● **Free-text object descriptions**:
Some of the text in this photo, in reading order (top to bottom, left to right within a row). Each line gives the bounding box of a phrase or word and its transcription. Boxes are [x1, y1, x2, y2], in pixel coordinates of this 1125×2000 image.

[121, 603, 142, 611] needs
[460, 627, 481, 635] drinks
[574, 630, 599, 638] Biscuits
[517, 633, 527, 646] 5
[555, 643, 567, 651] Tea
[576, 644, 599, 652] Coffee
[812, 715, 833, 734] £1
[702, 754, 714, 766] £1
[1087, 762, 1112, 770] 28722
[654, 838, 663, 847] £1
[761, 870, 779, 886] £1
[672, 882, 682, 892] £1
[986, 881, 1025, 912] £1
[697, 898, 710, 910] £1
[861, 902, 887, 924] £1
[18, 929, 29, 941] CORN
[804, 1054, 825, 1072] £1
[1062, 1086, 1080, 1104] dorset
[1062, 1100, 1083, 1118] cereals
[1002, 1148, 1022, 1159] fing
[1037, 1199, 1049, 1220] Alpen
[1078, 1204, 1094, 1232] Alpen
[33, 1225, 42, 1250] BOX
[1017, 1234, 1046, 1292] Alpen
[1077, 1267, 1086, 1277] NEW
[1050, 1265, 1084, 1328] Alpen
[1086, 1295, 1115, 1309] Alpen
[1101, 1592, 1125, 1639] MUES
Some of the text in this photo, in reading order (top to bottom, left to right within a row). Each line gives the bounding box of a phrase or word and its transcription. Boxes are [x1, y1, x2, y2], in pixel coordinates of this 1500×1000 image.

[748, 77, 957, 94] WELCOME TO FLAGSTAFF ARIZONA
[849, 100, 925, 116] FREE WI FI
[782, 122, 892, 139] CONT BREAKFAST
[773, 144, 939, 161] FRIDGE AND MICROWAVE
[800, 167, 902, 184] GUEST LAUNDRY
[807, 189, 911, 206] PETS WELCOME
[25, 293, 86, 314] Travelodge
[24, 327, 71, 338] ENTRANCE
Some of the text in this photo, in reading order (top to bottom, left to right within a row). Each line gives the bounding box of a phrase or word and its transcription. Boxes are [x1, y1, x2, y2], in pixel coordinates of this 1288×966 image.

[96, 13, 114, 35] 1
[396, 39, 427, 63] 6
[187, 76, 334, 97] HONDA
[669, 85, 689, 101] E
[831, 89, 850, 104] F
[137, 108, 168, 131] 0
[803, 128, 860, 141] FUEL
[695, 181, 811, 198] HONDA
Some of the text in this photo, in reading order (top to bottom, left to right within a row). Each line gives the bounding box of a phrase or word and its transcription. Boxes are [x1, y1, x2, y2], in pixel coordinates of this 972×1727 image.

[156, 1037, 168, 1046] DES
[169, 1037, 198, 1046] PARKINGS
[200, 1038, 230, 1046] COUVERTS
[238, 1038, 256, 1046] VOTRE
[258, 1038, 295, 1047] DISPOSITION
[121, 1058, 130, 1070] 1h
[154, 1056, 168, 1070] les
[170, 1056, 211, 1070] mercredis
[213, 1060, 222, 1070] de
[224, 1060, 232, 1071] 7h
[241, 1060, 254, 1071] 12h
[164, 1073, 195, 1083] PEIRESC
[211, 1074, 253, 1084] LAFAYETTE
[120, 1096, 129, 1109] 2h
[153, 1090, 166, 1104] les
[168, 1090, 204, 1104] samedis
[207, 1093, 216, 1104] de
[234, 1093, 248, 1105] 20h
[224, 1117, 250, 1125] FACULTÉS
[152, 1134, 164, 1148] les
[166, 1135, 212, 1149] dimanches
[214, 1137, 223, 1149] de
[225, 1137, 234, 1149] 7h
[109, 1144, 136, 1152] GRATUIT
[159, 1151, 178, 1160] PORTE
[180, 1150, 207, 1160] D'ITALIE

● **Goal of the exercise**:
Lines from the one containing "this 972×1727 image." through the final line of the entries are the only ones to print, and each must match exactly.

● **Final answer**:
Some of the text in this photo, in reading order (top to bottom, left to right within a row). Each line gives the bounding box of a phrase or word and its transcription. Boxes are [x1, y1, x2, y2], in pixel coordinates of this 972×1727 image.

[156, 1037, 168, 1046] DES
[169, 1037, 198, 1046] PARKINGS
[200, 1038, 230, 1046] COUVERTS
[238, 1038, 256, 1046] VOTRE
[258, 1038, 295, 1047] DISPOSITION
[121, 1058, 130, 1070] 1h
[154, 1056, 168, 1070] les
[170, 1056, 211, 1070] mercredis
[213, 1060, 222, 1070] de
[224, 1060, 232, 1071] 7h
[241, 1060, 254, 1071] 12h
[164, 1073, 195, 1083] PEIRESC
[211, 1074, 253, 1084] LAFAYETTE
[120, 1096, 129, 1109] 2h
[153, 1090, 166, 1104] les
[168, 1090, 204, 1104] samedis
[207, 1093, 216, 1104] de
[234, 1093, 248, 1105] 20h
[224, 1117, 250, 1125] FACULTÉS
[152, 1134, 164, 1148] les
[166, 1135, 212, 1149] dimanches
[214, 1137, 223, 1149] de
[225, 1137, 234, 1149] 7h
[109, 1144, 136, 1152] GRATUIT
[159, 1151, 178, 1160] PORTE
[180, 1150, 207, 1160] D'ITALIE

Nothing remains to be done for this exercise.